[[ ENTRIES SUPPLIED open ]]
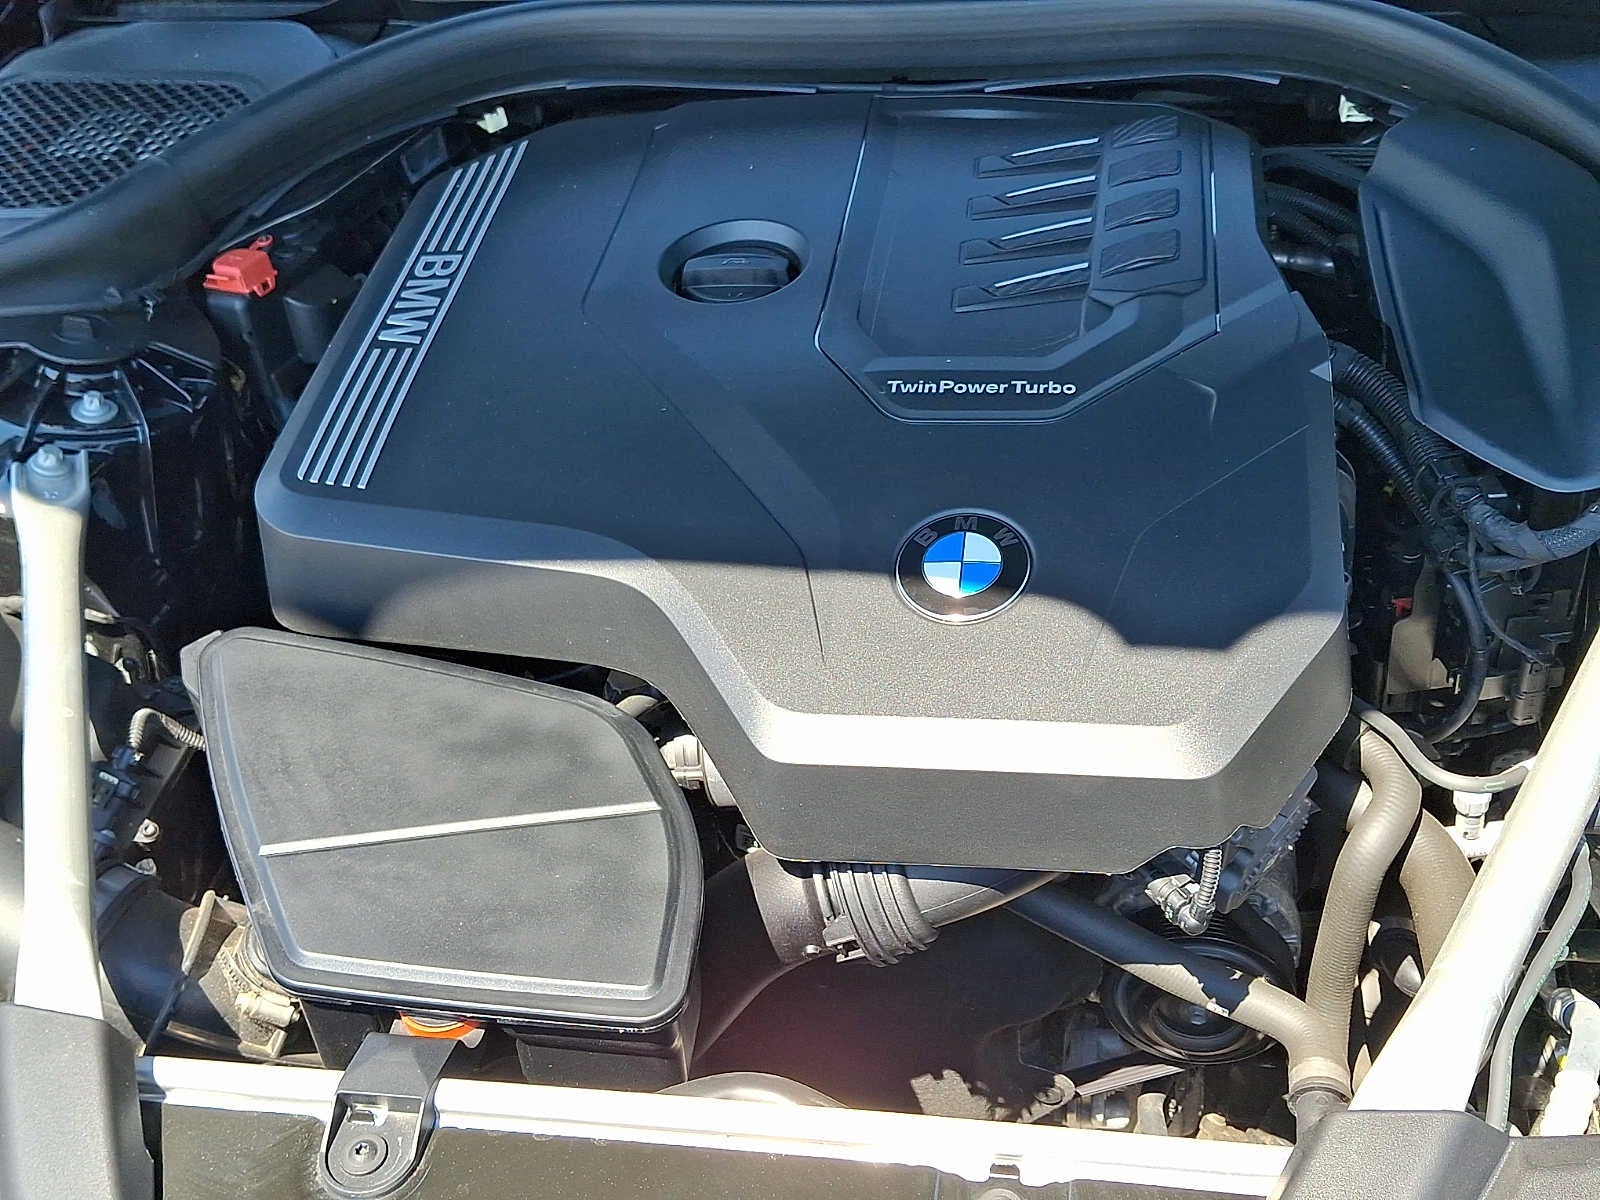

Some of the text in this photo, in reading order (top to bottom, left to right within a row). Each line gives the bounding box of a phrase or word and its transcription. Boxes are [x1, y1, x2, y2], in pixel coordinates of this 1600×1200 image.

[378, 254, 463, 345] BMW
[887, 380, 1076, 394] TwinPower Turbo
[913, 516, 1020, 548] BMW
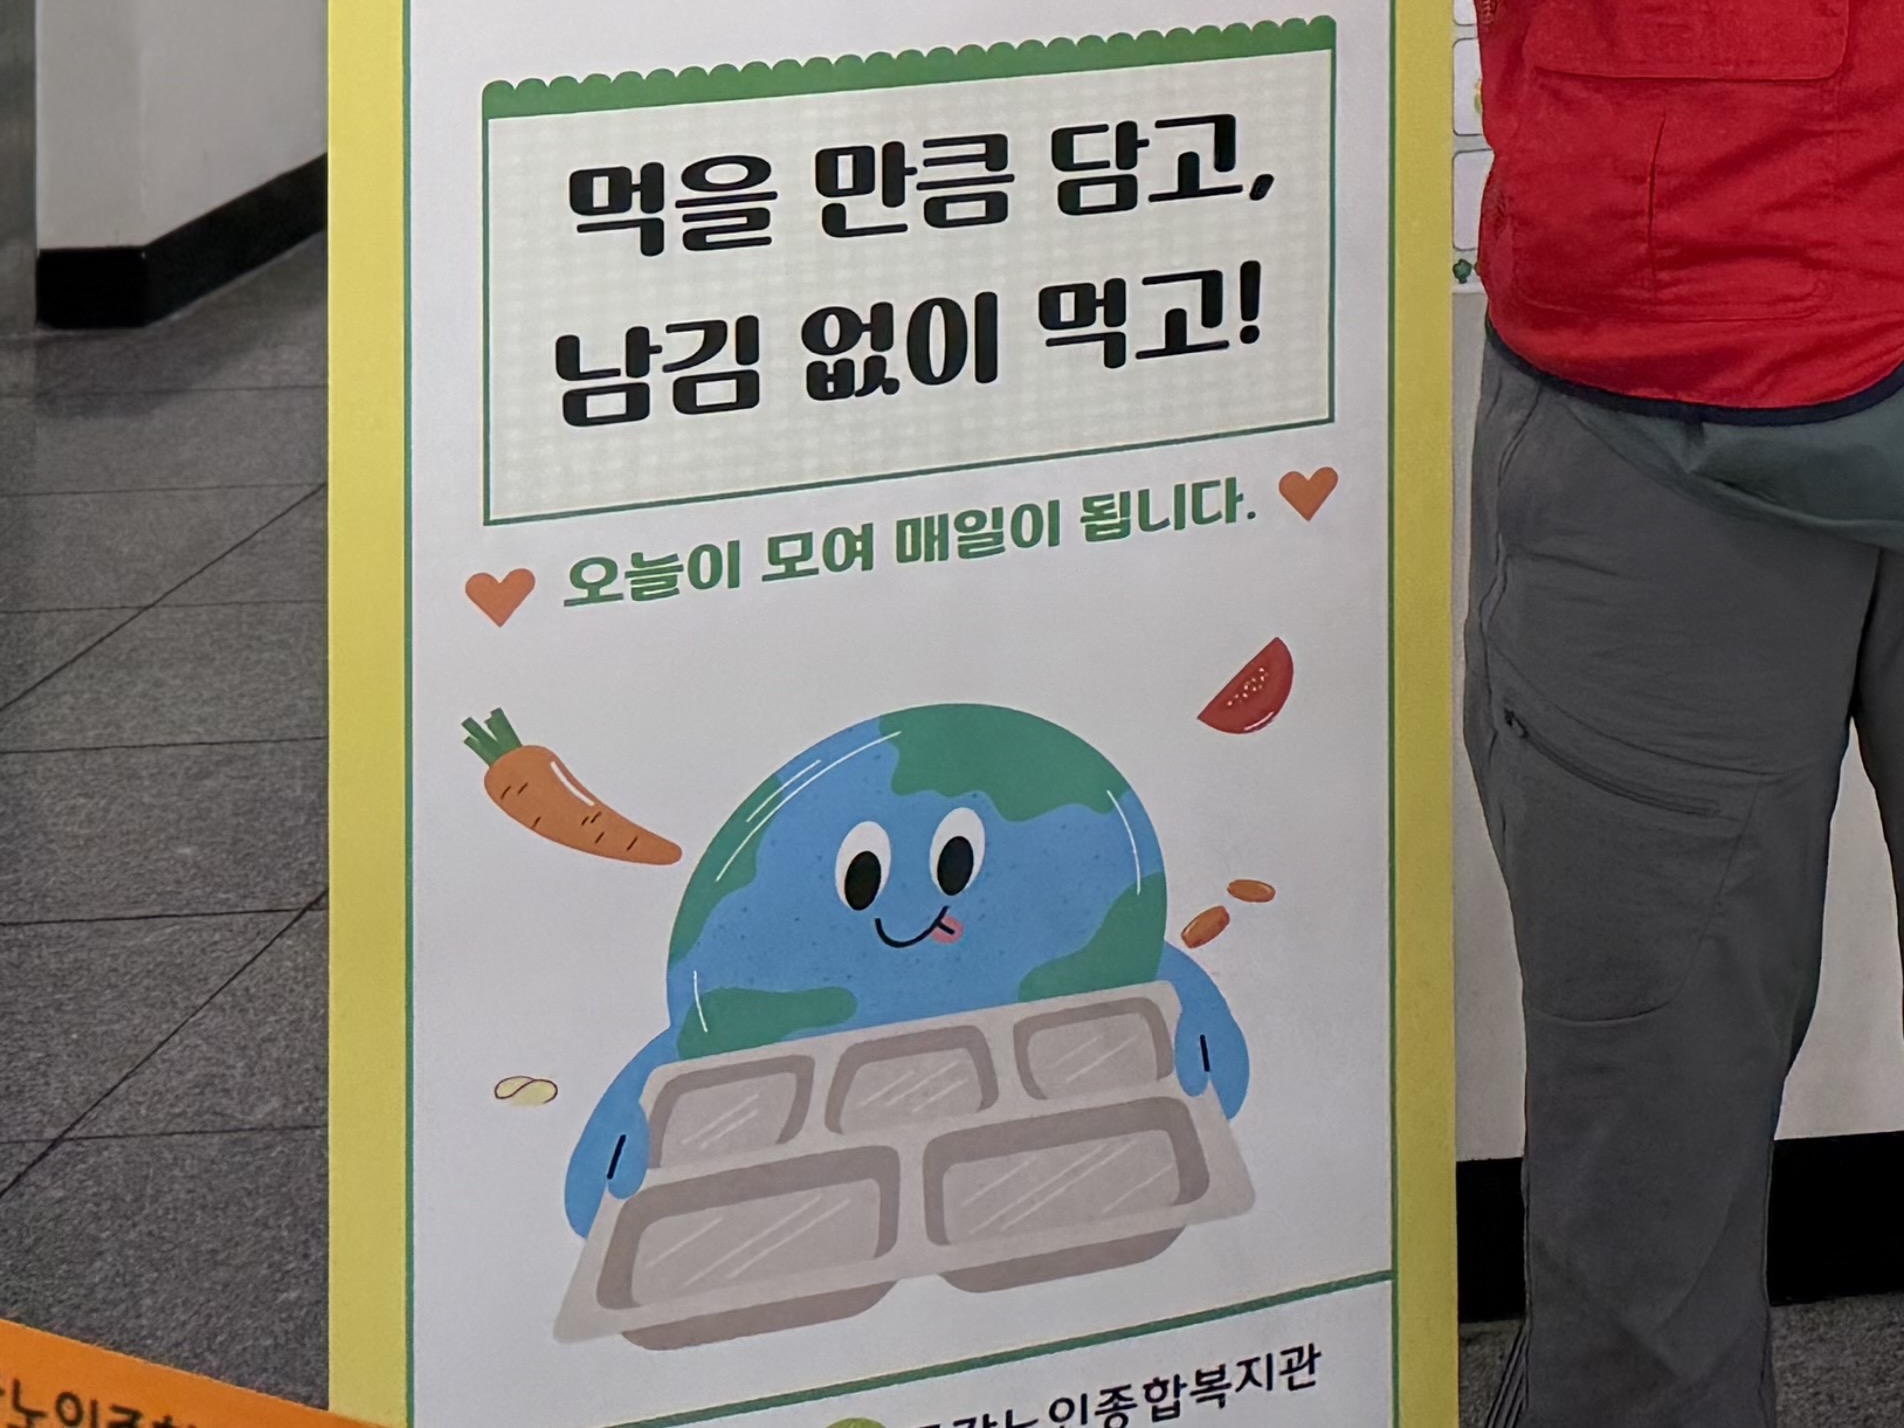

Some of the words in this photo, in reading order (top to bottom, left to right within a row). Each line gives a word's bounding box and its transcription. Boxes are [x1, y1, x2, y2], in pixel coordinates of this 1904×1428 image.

[567, 154, 778, 258] 먹을
[814, 133, 1017, 241] 만큼
[1049, 112, 1277, 218] 담고,
[554, 314, 763, 430] 남김
[799, 290, 1000, 403] 없이
[1037, 259, 1264, 370] 먹고!
[563, 539, 741, 610] 오늘이
[761, 521, 875, 587] 모여
[895, 499, 1061, 568] 매일이
[1080, 476, 1258, 545] 됩니다.
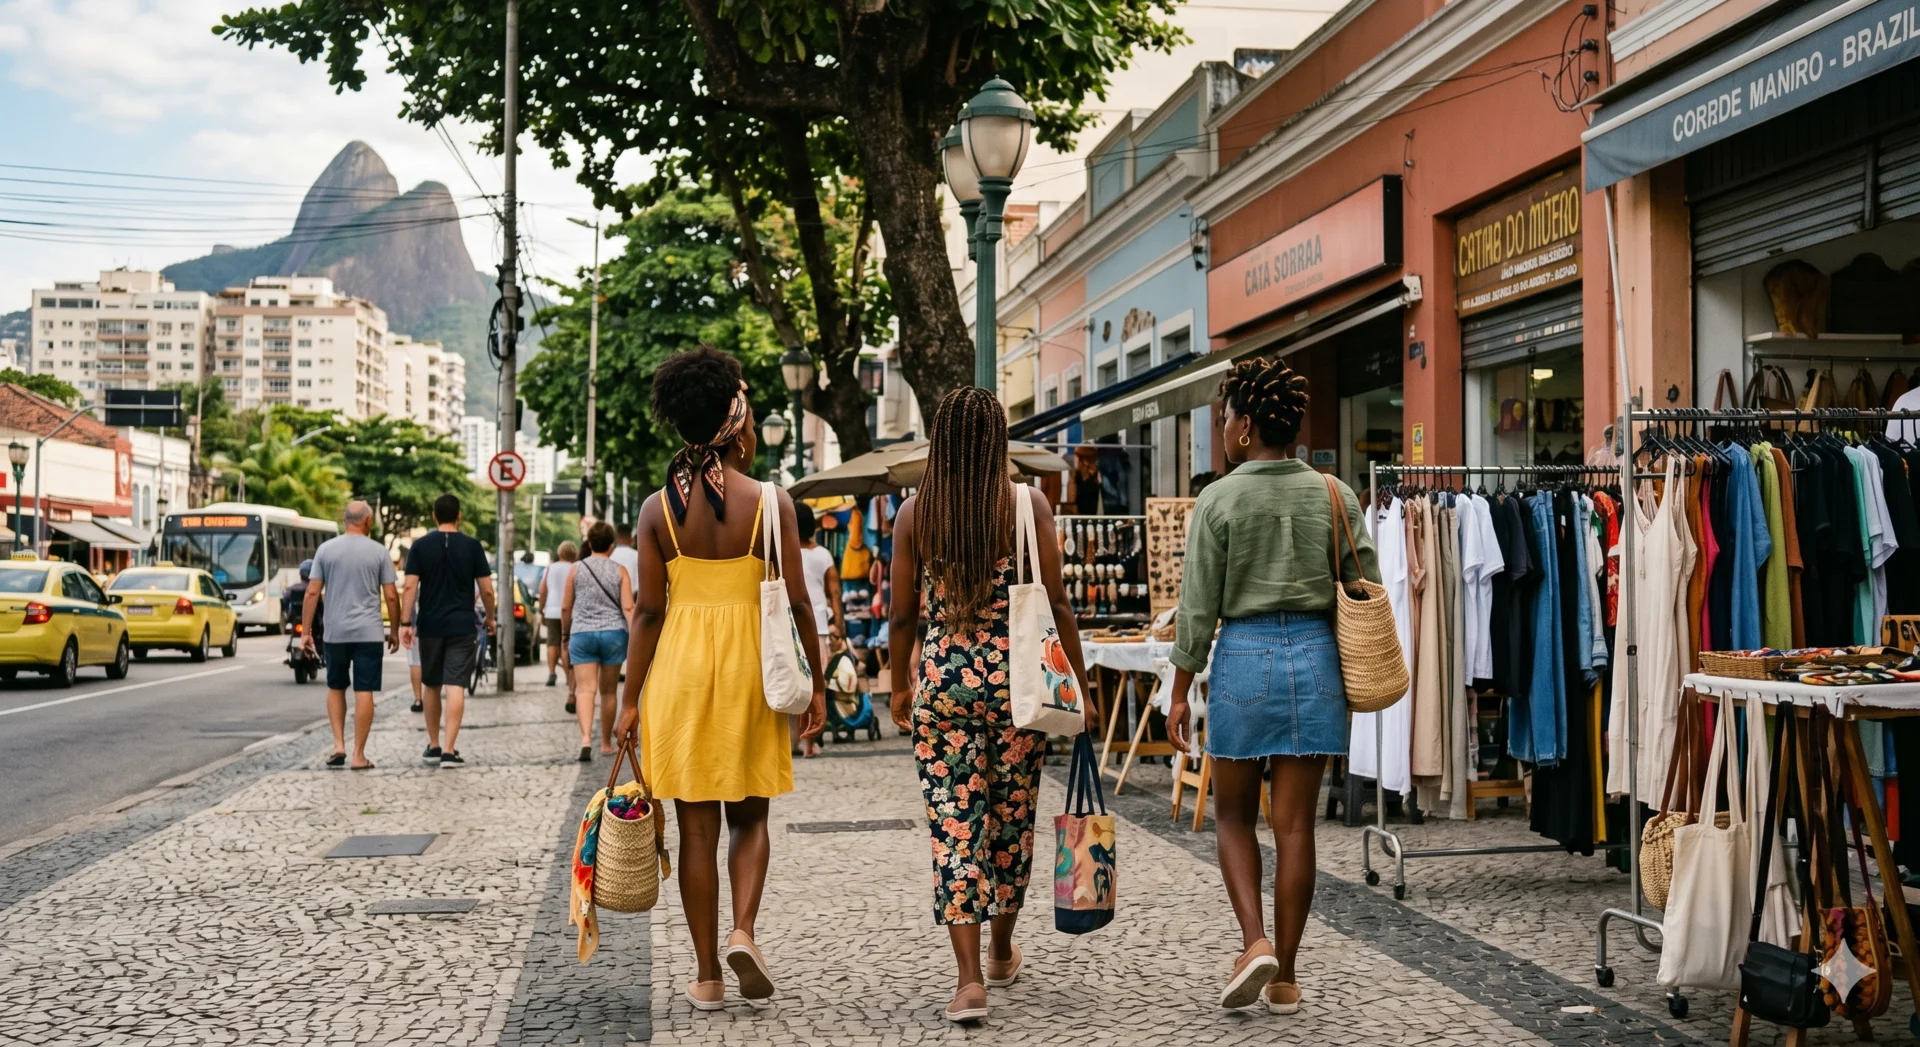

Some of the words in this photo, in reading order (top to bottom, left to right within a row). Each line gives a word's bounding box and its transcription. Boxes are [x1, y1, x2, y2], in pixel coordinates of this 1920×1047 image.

[1749, 51, 1823, 111] MANIRO
[1842, 6, 1920, 69] BRAZIL
[1244, 260, 1271, 297] CATA
[1273, 233, 1323, 284] SORRAA
[1506, 209, 1526, 259] DO
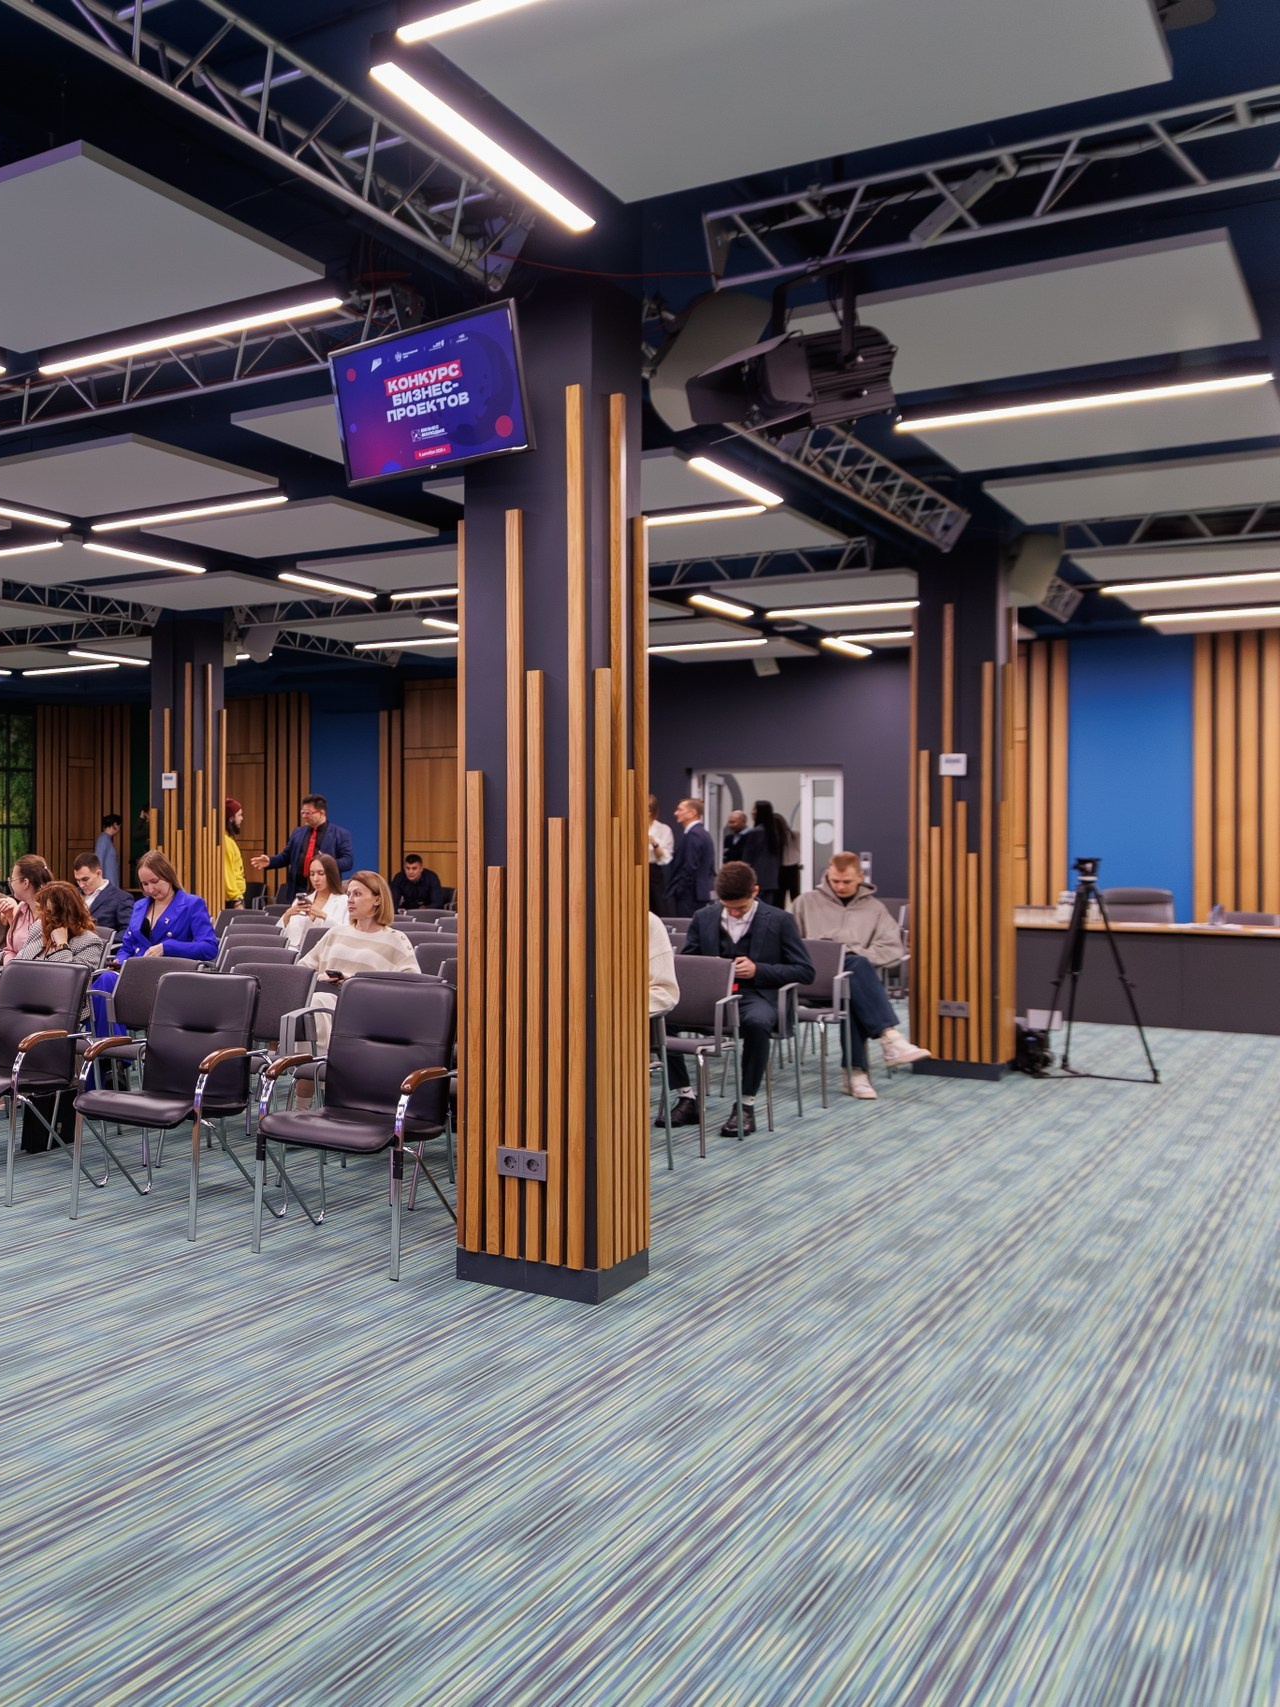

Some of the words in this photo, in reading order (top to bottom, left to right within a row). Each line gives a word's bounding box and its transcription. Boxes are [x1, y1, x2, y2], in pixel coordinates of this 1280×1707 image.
[[ ENTRIES SUPPLIED closed ]]
[TASK GOAL] Omit the pictures and restate the rest of the records verbatim.

[RESULT OF THIS TASK]
Some of the text in this photo, in reading order (top to bottom, left to right within a row). Each line gives the bounding box of a phrase or word and its transcription. Boxes are [x1, y1, x2, y2], in pixel coordinates of this 1600×1200 image.

[378, 254, 463, 345] BMW
[887, 380, 1076, 394] TwinPower Turbo
[913, 516, 1020, 548] BMW

Some of the words in this photo, in reading order (top to bottom, left to right within a row). Each line gives a word's bounding box and its transcription. Boxes are [x1, y1, x2, y2], in pixel coordinates of this 1904×1428 image.

[567, 154, 778, 258] 먹을
[814, 133, 1017, 241] 만큼
[1049, 112, 1277, 218] 담고,
[554, 314, 763, 430] 남김
[799, 290, 1000, 403] 없이
[1037, 259, 1264, 370] 먹고!
[563, 539, 741, 610] 오늘이
[761, 521, 875, 587] 모여
[895, 499, 1061, 568] 매일이
[1080, 476, 1258, 545] 됩니다.

Some of the words in this photo, in reading order (top to bottom, left to right within a row). Each line gives a word's bounding box and its transcription. Boxes are [x1, y1, x2, y2], in pixel coordinates of this 1920×1047 image.

[1749, 51, 1823, 111] MANIRO
[1842, 6, 1920, 69] BRAZIL
[1244, 260, 1271, 297] CATA
[1273, 233, 1323, 284] SORRAA
[1506, 209, 1526, 259] DO

Some of the words in this photo, in reading order (top to bottom, left to right within a row). Each line gives a word's bounding box and its transcription. Boxes are [x1, y1, x2, y2], in pixel coordinates of this 1280×1707 image.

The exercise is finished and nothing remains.